Soundtrack album by Gustavo Santaolalla
- Released: November 21, 2006
- Recorded: 2006
- Genre: Soundtrack
- Label: Concord
- Producer: Gustavo Santaolalla

Gustavo Santaolalla chronology
| North Country (2005) | Babel (2006) | On the Road (2009) |

= Babel (soundtrack) =

Babel is the original soundtrack album, on the Concord label, of the 2006 Academy Award-nominated and Golden Globe Award-winning film Babel directed by Alejandro González Iñárritu and starring Brad Pitt, Cate Blanchett, Adriana Barraza, Gael García Bernal, Rinko Kikuchi and Kōji Yakusho.

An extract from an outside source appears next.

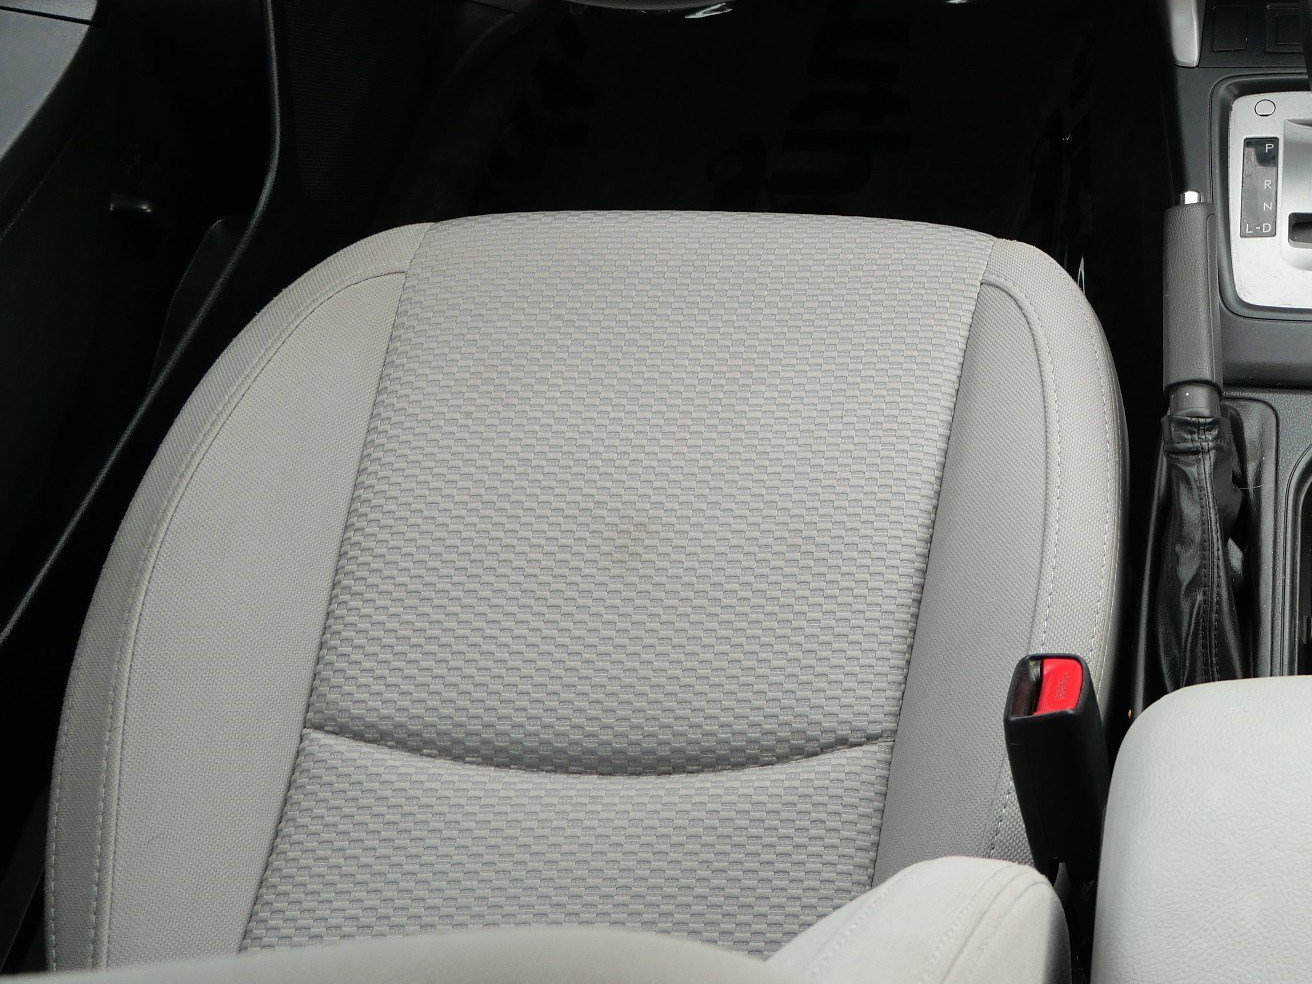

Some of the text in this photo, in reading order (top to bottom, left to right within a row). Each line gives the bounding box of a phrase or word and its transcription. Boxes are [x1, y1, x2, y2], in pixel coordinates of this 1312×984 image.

The original score and songs were composed and produced by Gustavo Santaolalla.

The album won the Academy Award for Best Original Score and the BAFTA Award for Best Film Music. It was also nominated for the Golden Globe Award for Best Original Score (lost to the score of The Painted Veil).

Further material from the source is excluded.